The 1998 Human Rights Act protects freedom of thought, conscience and religion, and reaffirms Article Nine of the European Convention of Human Rights (see above), subject to certain restrictions that are “in accordance with law” and “necessary in a democratic society. By incorporating the right to freedom of religion or belief into UK law, British citizens can go to a court to have this right protected by a judge.
In 2018-2019, the government recorded a 3 percent increase (up to 8,566 offences) in religiously motivated hate crimes in England and Wales. This included 1,805 anti-semitic incidents during the year, the highest recorded by the Community Security Trust (CST), up 7 percent from the preceding year. This increase includes assaults, extreme violence, non-violent abusive behaviour and online incidents.
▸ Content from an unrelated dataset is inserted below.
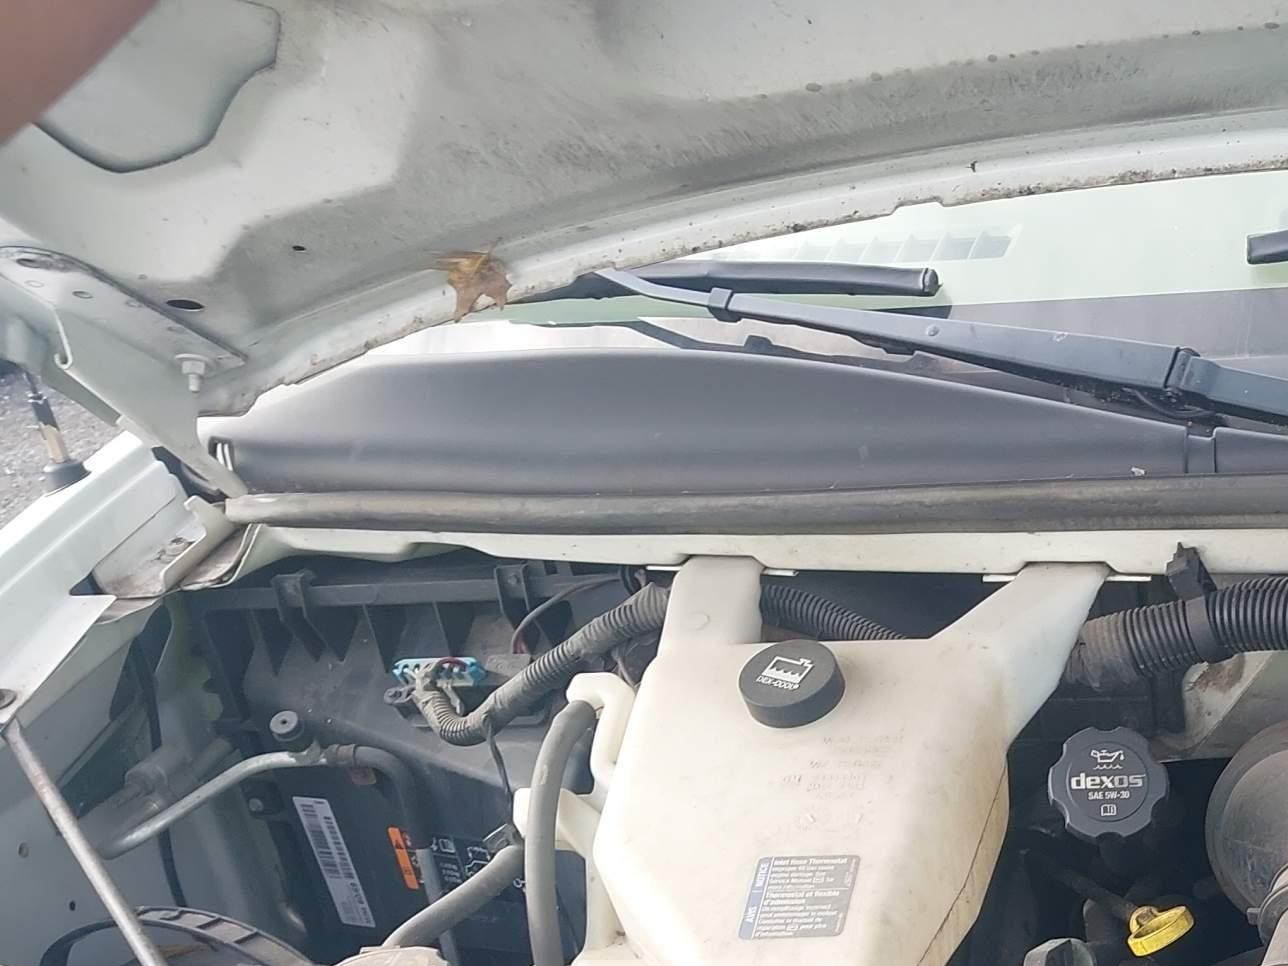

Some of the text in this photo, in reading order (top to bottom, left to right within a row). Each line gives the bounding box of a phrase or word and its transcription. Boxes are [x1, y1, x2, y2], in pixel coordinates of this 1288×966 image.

[1070, 772, 1146, 790] dexos
[1088, 790, 1130, 800] SAE 5W-30
There was also an increase in the number of anti-Muslim hate incidents in 2018, which showed 3,173 reports, the highest number since the NGO Tell MAMA’s founding in 2011. A European Commission (EC) survey published in September showed that 61 percent of respondents believed discrimination based on religion or belief was very or fairly widespread in the country.
In 2018-2019, the government recorded a 3 percent increase (upto 8,566 offenses) in religiously motivated hate crimes in England and Wales.
Some people blame the government and, in particular, the prime minister for rising anti-religious discrimination. Boris Johnson failed to apologise for his comments about Muslim women in a 2018 opinion article, the same year that Tell MAMA recorded its highest number of anti-Muslim attacks. In the same year, CST recorded 100 anti-semitic incidents monthly during the year. The two highest single monthly totals came in February and December, which coincided with months when the main opposition Labour Party faced allegations of anti-semitism, with CST stating that the Labour anti-Semitism controversy “clearly has an important bearing” on the rising anti-semitic attacks.
Since then, and particularly after the Christchurch New Zealand mosque attack in 2019, the government has increased its attention towards improving protections to the right to freedom of religion or belief. The government doubled the amount of funding from £800,000 in 2018-2019 to £1.6 million from 2019-2020 to provide security at places of worship and related security training. They also created and filled two new positions dealing with religious freedom issues: an independent advisor on anti-semitism and an independent advisor appointed to provide expert advice on a definition of islamophobia, and appointed a new special envoy for freedom of religion or belief.
What about now?
Now, in 2021, the Covid-19 pandemic has increased religious discrimination across the world. Many religious minorities have been scapegoated. In Britain, some are noticing that there has also been a pattern of using irrelevant images of religious minorities, such as Muslims, in negative reports on Covid-19, which has increased fears within minority religious groups that religious minorities may be targeted in conspiracy theories about disease-ridden communities.